Images for object localization
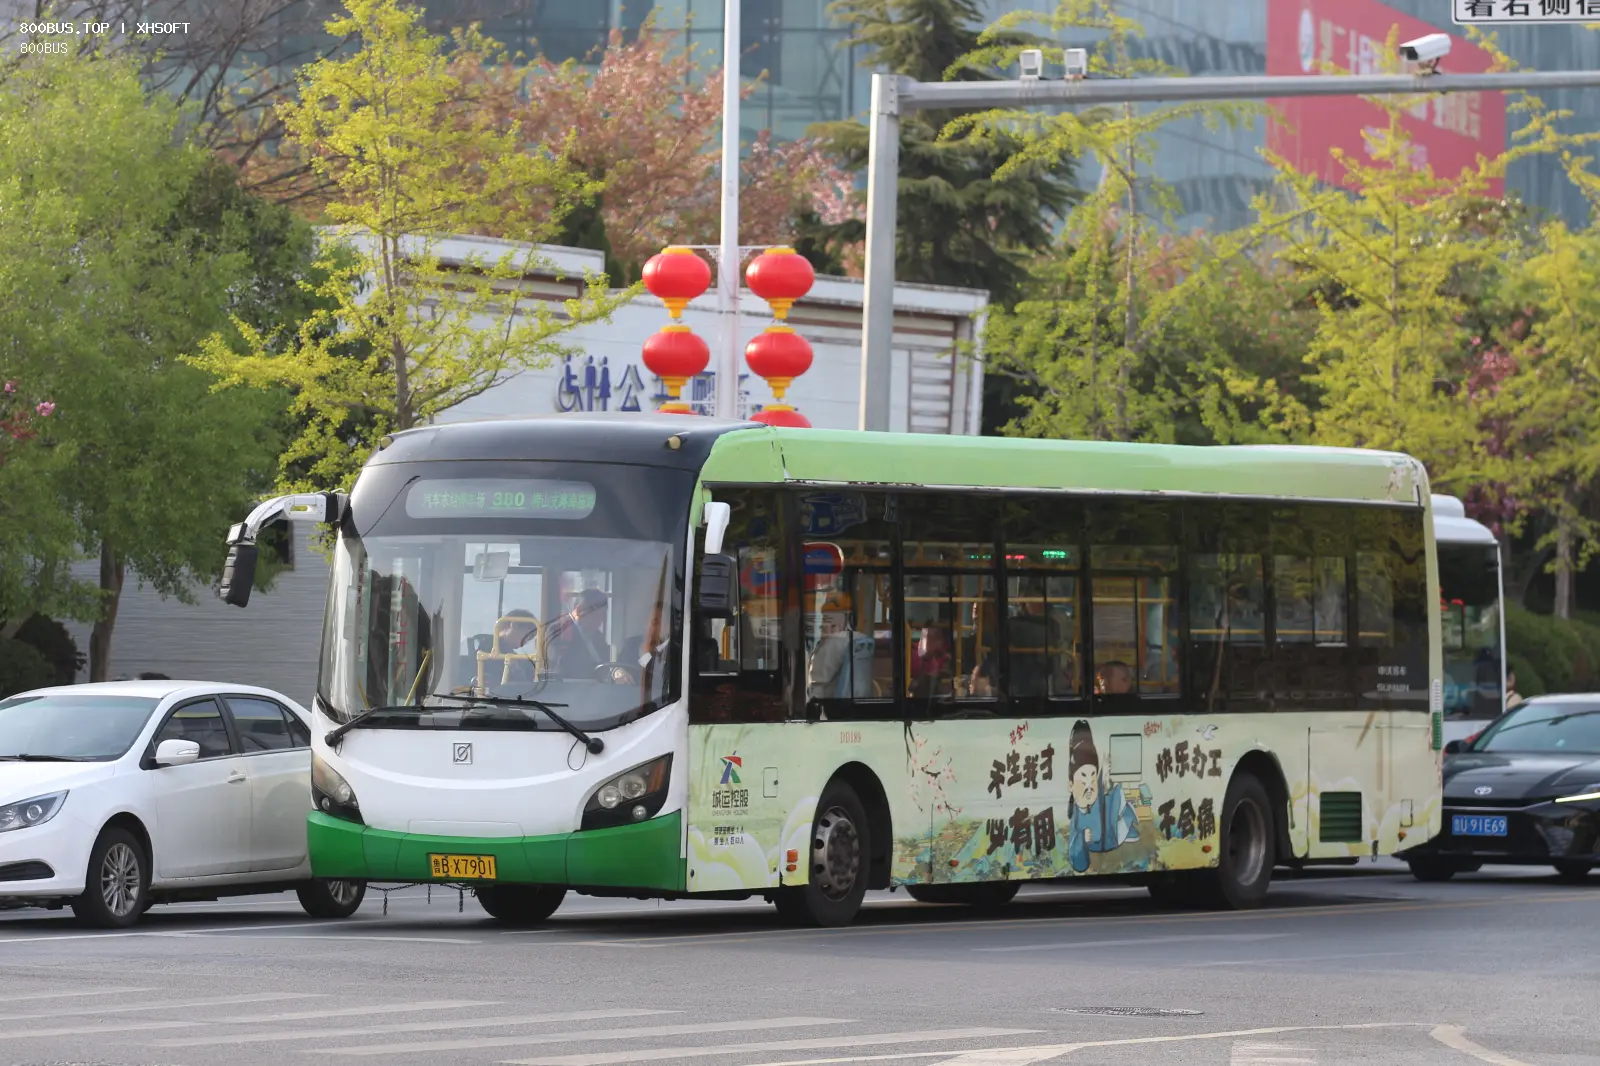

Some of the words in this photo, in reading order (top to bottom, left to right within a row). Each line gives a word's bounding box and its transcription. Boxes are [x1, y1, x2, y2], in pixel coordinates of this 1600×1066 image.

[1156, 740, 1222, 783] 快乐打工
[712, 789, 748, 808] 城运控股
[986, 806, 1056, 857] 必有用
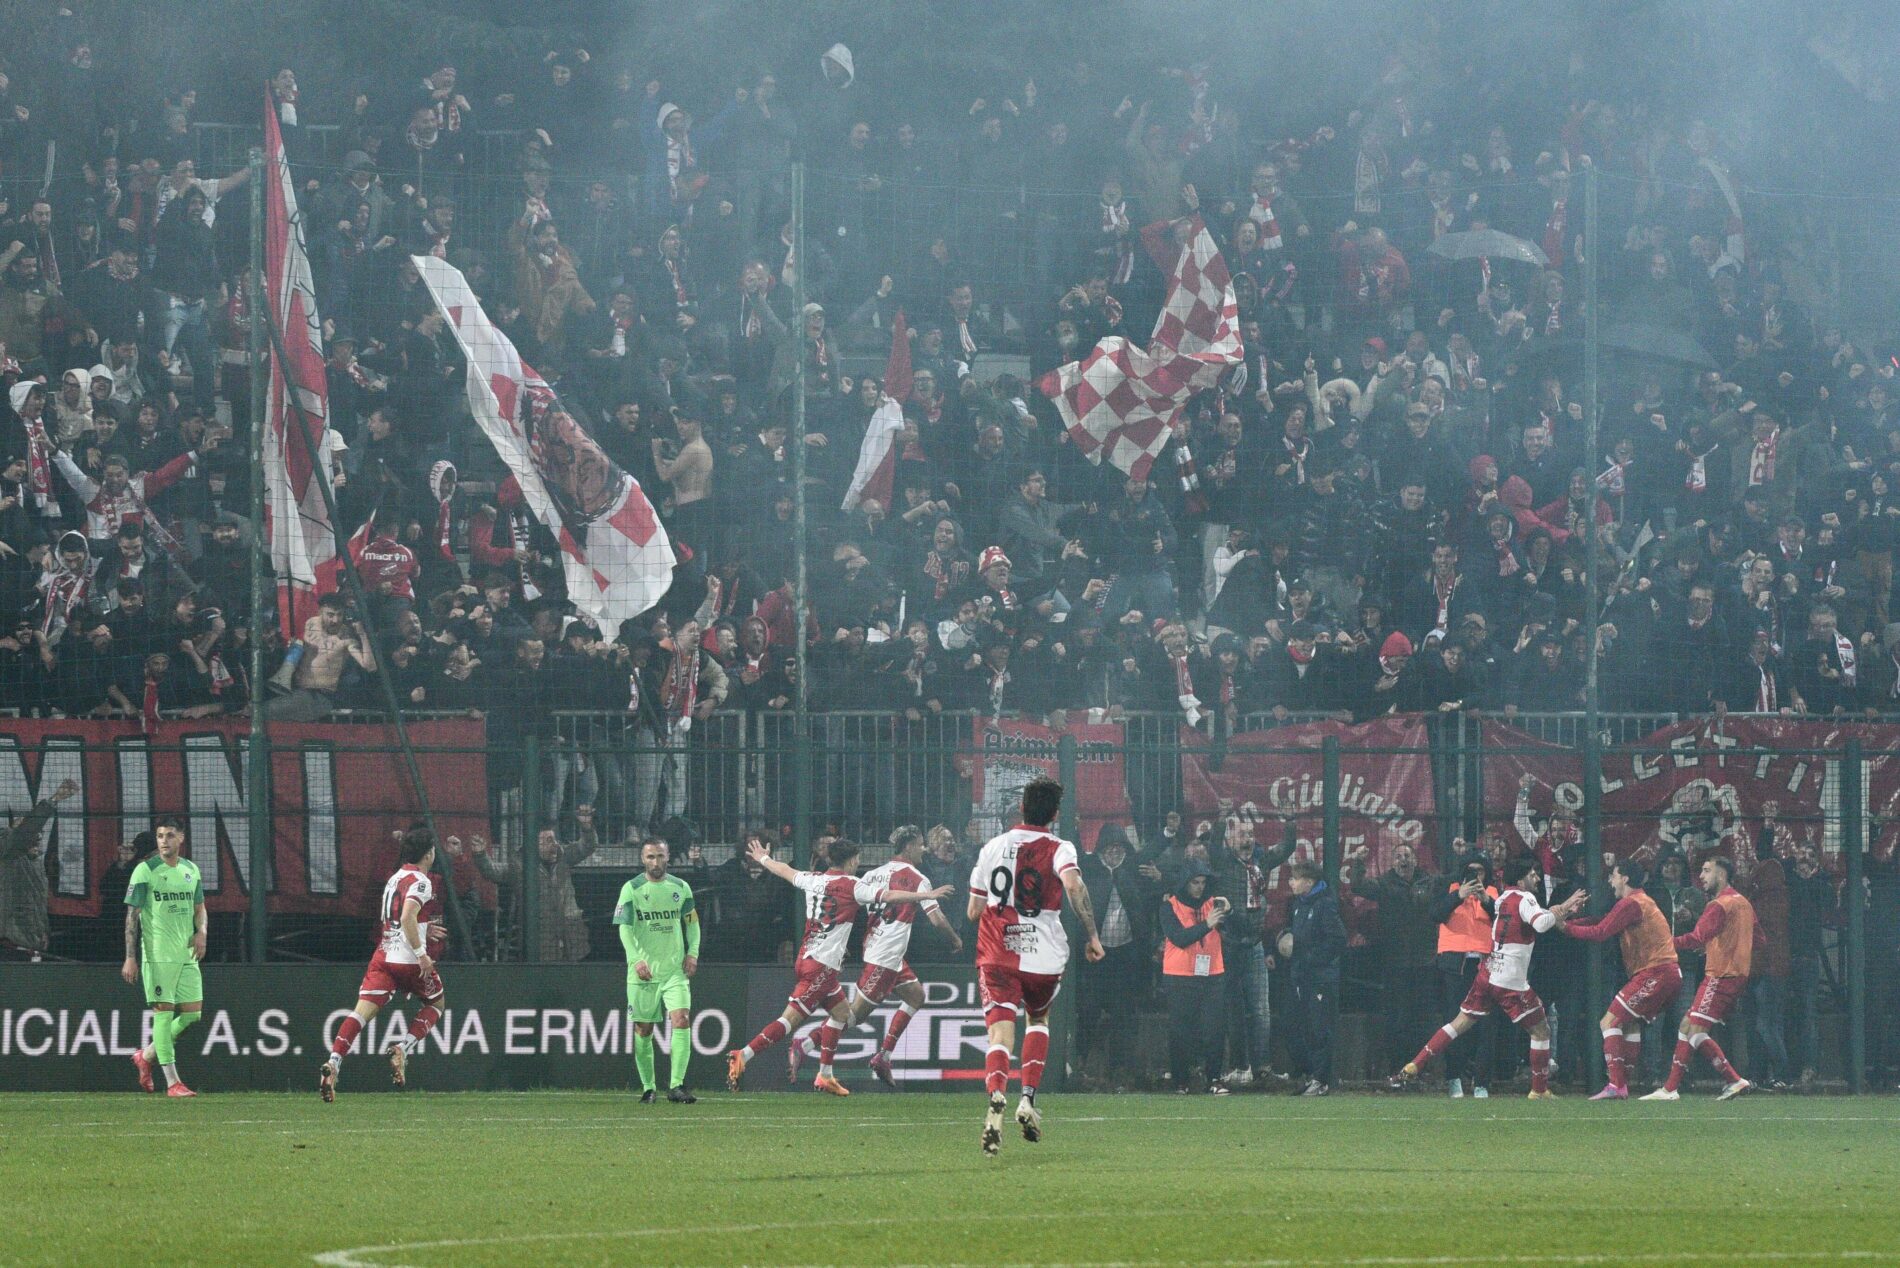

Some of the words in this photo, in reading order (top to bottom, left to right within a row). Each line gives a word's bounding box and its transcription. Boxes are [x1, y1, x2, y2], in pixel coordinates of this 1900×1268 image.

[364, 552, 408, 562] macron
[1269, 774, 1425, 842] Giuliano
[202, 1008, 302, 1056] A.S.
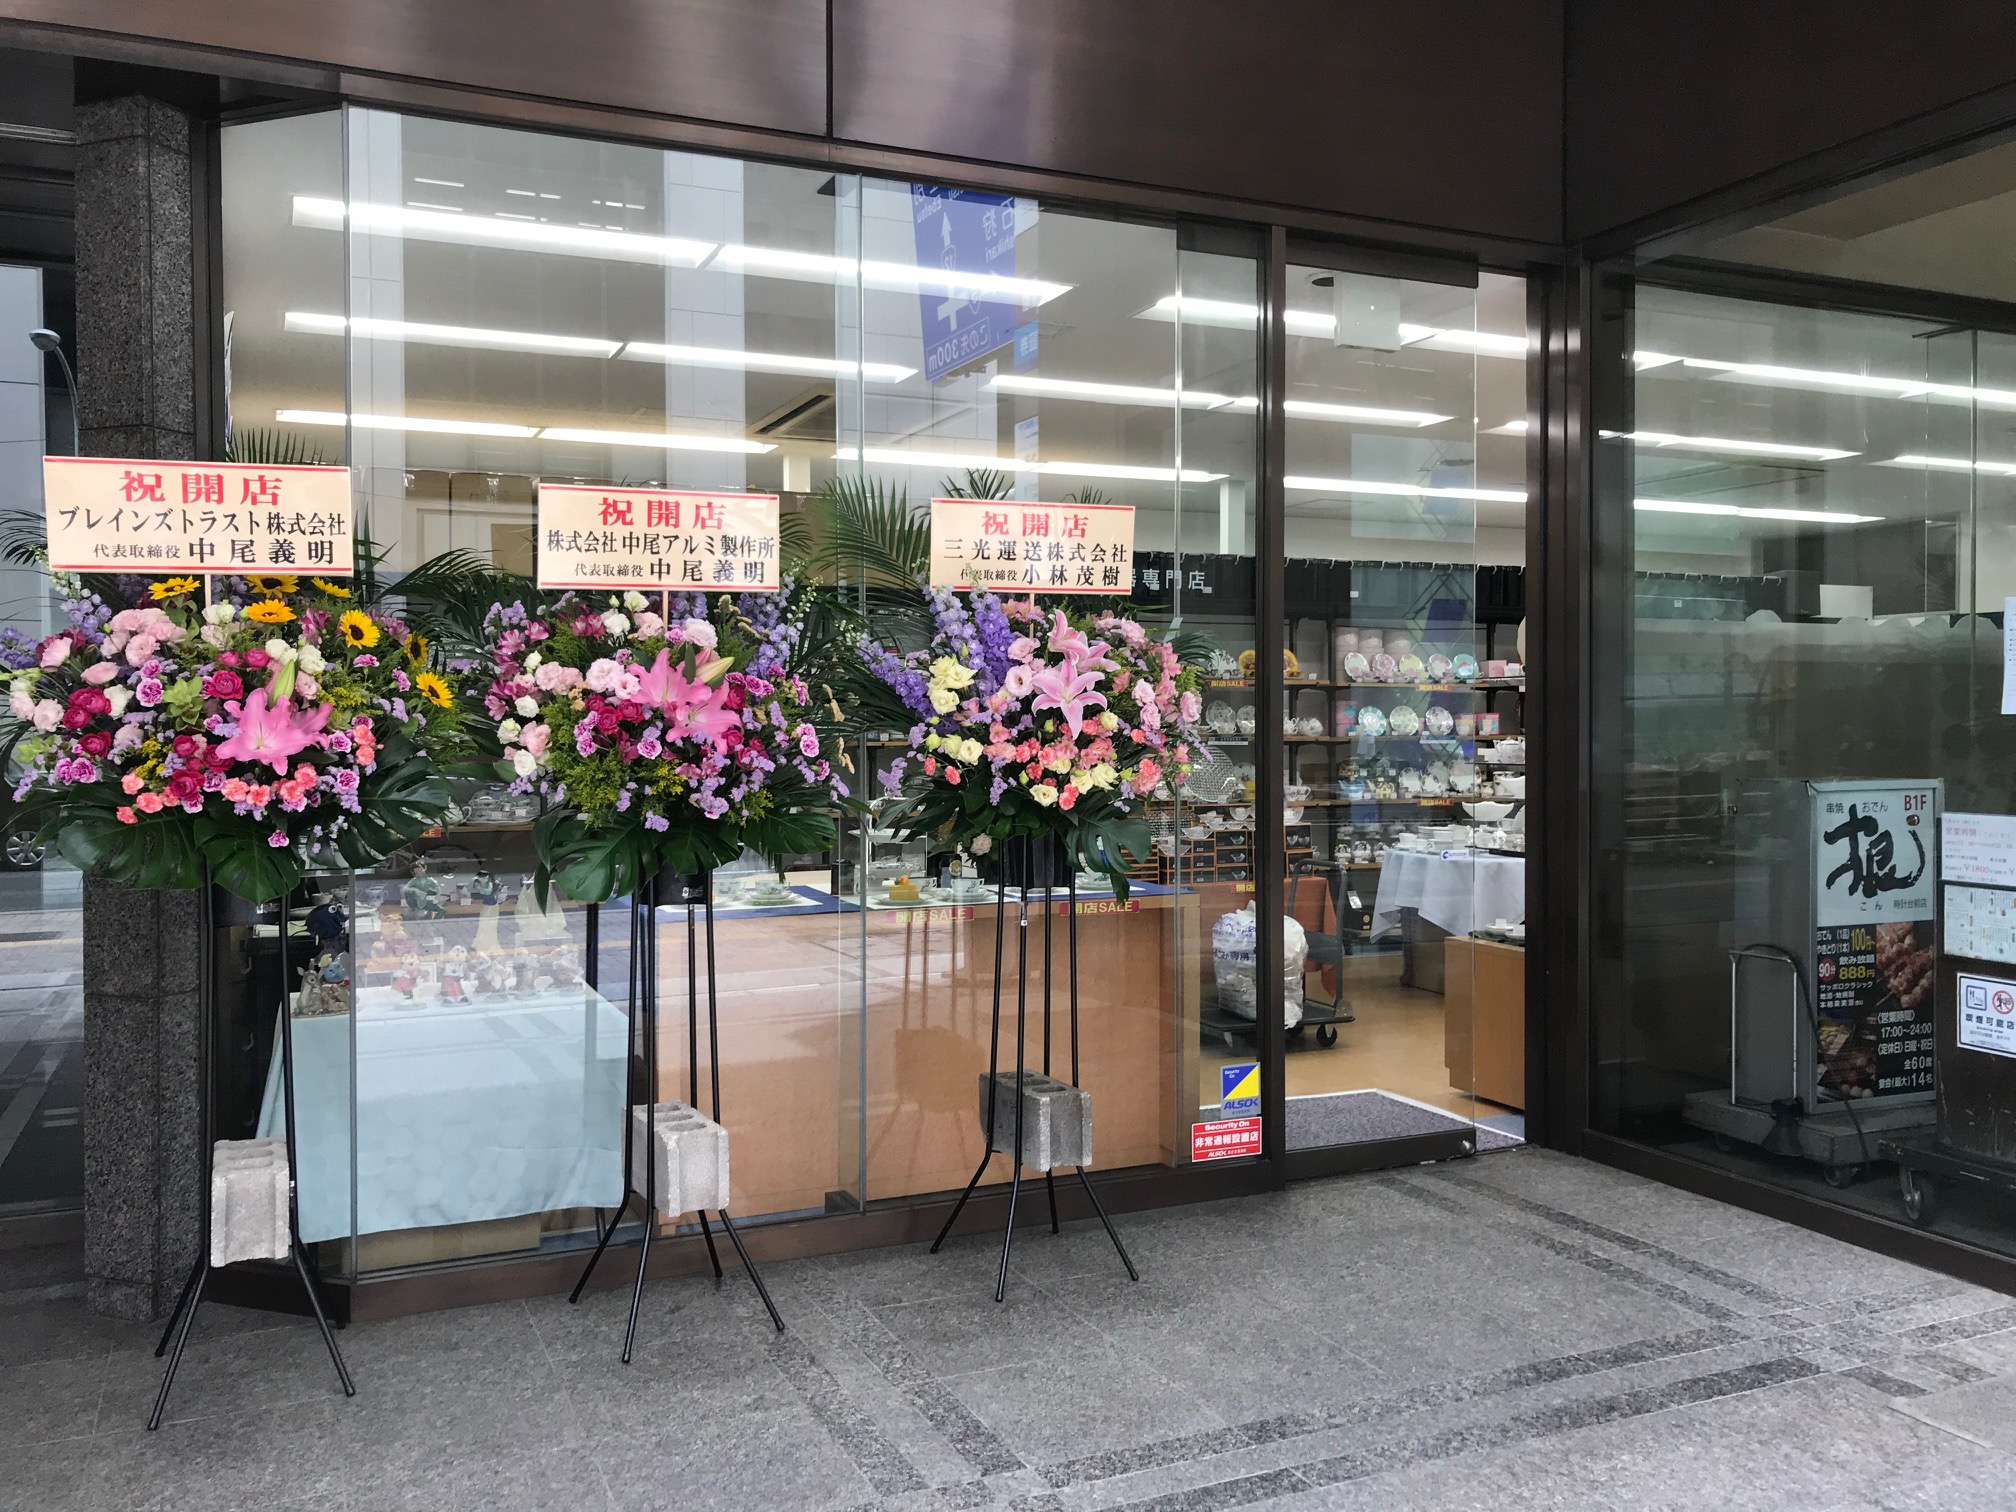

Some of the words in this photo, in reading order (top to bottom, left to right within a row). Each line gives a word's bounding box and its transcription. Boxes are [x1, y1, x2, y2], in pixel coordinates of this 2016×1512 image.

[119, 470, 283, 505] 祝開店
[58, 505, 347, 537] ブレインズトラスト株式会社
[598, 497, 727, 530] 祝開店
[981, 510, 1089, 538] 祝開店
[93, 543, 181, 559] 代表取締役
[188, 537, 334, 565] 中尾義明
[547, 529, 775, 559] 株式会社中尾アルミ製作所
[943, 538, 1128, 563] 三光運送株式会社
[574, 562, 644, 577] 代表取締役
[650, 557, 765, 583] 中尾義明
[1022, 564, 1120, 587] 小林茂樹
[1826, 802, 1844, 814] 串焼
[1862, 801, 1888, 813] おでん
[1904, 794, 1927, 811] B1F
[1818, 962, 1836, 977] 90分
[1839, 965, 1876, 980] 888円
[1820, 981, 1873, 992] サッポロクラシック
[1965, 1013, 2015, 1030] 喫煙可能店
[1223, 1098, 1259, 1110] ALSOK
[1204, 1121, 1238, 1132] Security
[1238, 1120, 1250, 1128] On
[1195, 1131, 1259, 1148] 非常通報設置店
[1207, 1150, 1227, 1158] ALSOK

WHAT THE EXERCISE ASKS: Your answer must be the lines from the one containing "this 1900×1268 image." through the last line of the records, printed exactly with no pictures; please include both ends.

EXERCISE OUTPUT:
Some of the words in this photo, in reading order (top to bottom, left to right within a row). Each line gives a word's bounding box and its transcription. Boxes are [x1, y1, x2, y2], in pixel coordinates of this 1900×1268 image.

[364, 552, 408, 562] macron
[1269, 774, 1425, 842] Giuliano
[202, 1008, 302, 1056] A.S.

Some of the words in this photo, in reading order (top to bottom, left to right within a row). Each line gives a word's bounding box and its transcription. Boxes are [x1, y1, x2, y2], in pixel coordinates of this 2016×1512 image.

[119, 470, 283, 505] 祝開店
[58, 505, 347, 537] ブレインズトラスト株式会社
[598, 497, 727, 530] 祝開店
[981, 510, 1089, 538] 祝開店
[93, 543, 181, 559] 代表取締役
[188, 537, 334, 565] 中尾義明
[547, 529, 775, 559] 株式会社中尾アルミ製作所
[943, 538, 1128, 563] 三光運送株式会社
[574, 562, 644, 577] 代表取締役
[650, 557, 765, 583] 中尾義明
[1022, 564, 1120, 587] 小林茂樹
[1826, 802, 1844, 814] 串焼
[1862, 801, 1888, 813] おでん
[1904, 794, 1927, 811] B1F
[1818, 962, 1836, 977] 90分
[1839, 965, 1876, 980] 888円
[1820, 981, 1873, 992] サッポロクラシック
[1965, 1013, 2015, 1030] 喫煙可能店
[1223, 1098, 1259, 1110] ALSOK
[1204, 1121, 1238, 1132] Security
[1238, 1120, 1250, 1128] On
[1195, 1131, 1259, 1148] 非常通報設置店
[1207, 1150, 1227, 1158] ALSOK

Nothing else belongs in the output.